§ **Extracted material**
------------------------------------------------

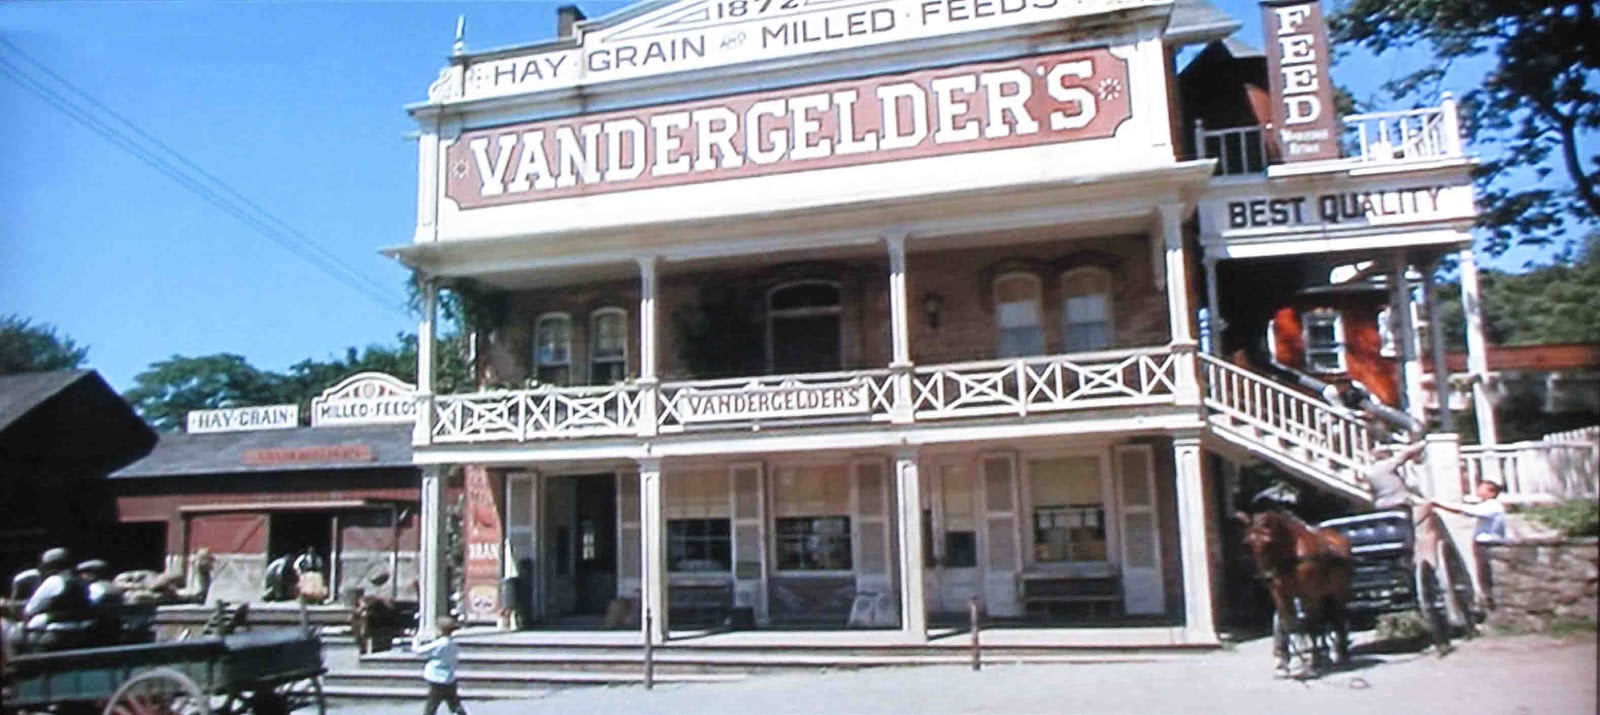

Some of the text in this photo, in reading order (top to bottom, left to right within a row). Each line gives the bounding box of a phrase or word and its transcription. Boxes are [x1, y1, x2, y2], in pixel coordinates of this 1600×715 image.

[494, 55, 567, 86] HAY
[588, 35, 706, 73] GRAIN
[761, 8, 896, 49] MILLED
[1275, 5, 1323, 125] FEED
[469, 59, 1098, 197] VANDERGELDER'S
[1229, 186, 1443, 228] BEST QUALITY
[198, 410, 235, 429] HAY
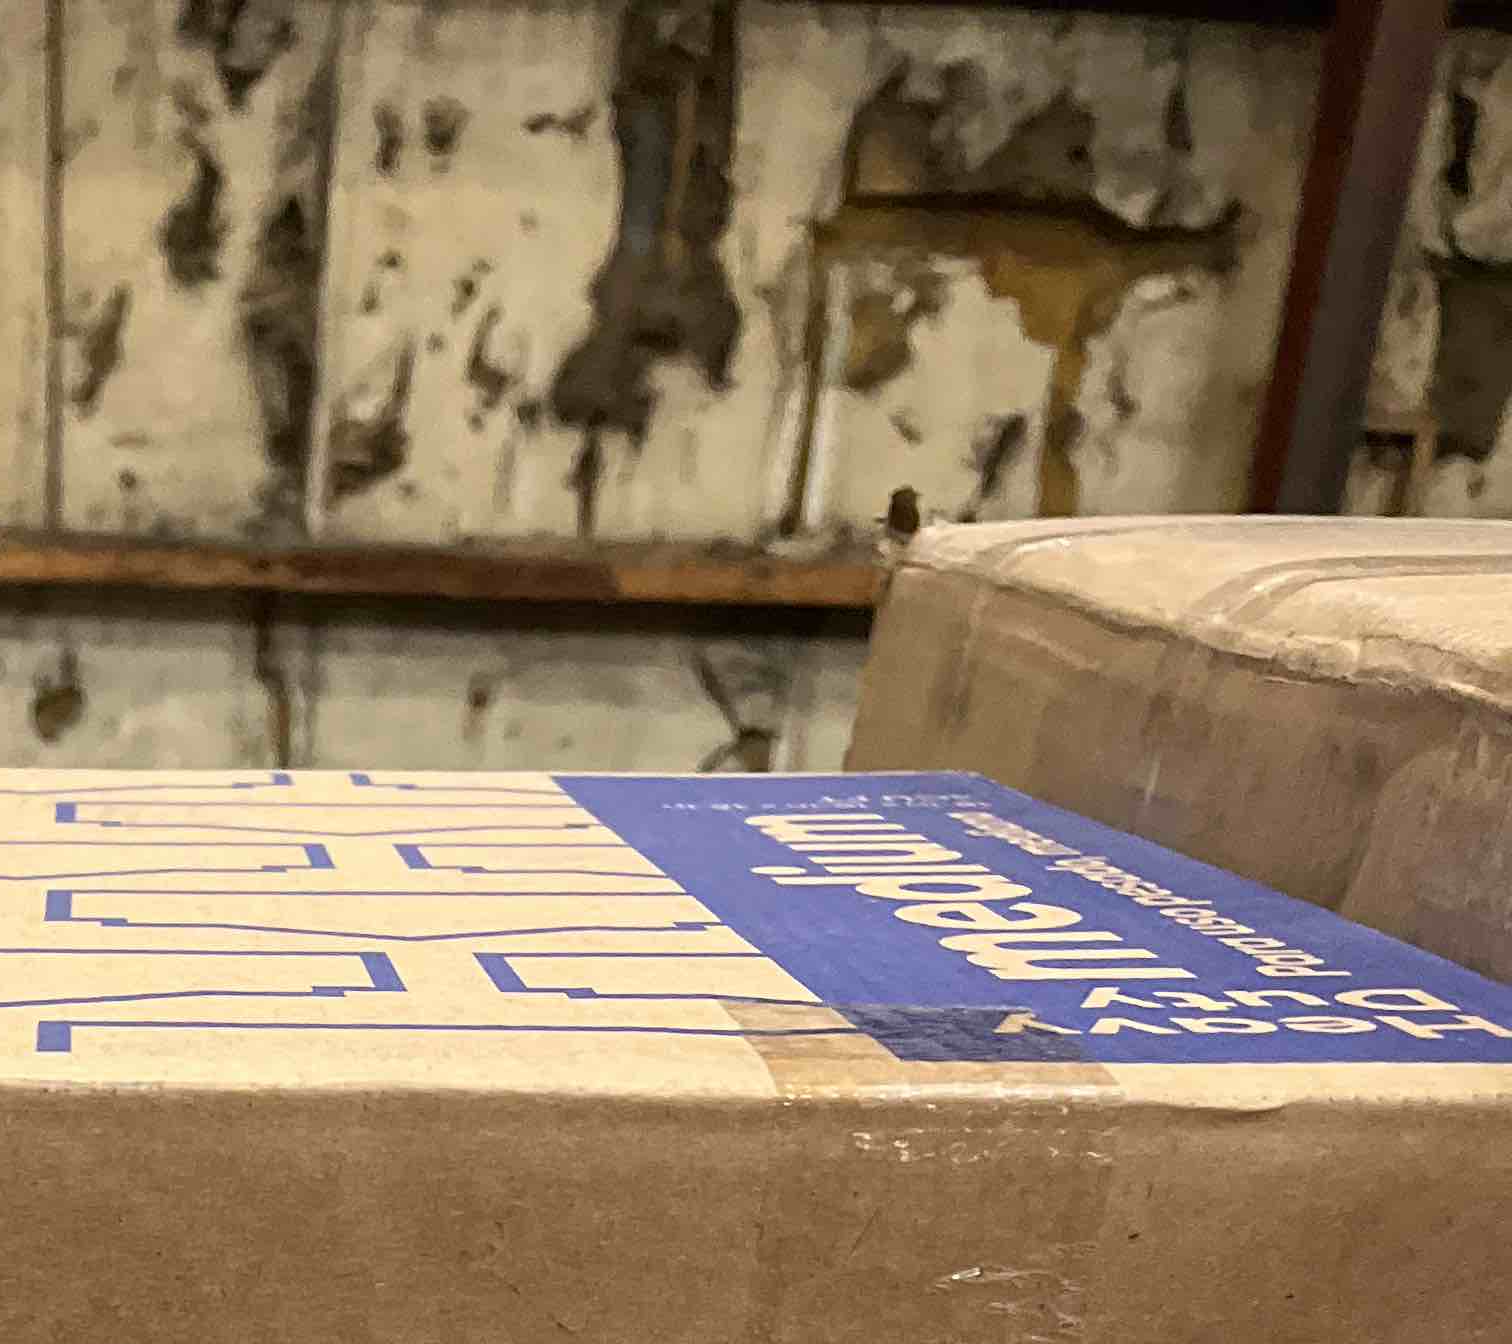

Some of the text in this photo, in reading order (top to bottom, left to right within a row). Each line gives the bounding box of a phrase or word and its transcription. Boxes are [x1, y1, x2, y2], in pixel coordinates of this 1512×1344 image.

[745, 812, 1197, 981] medium
[1080, 986, 1463, 1012] Duty
[994, 1012, 1512, 1039] Heavy

------------------------------------------------

§ **Instructions for the task**
Retype the lines beginning at the one containing "this 1512×1344 image." and ending at the final line of the material, both included.

§ **Answer for this exercise**
Some of the text in this photo, in reading order (top to bottom, left to right within a row). Each line gives the bounding box of a phrase or word and its transcription. Boxes are [x1, y1, x2, y2], in pixel coordinates of this 1512×1344 image.

[745, 812, 1197, 981] medium
[1080, 986, 1463, 1012] Duty
[994, 1012, 1512, 1039] Heavy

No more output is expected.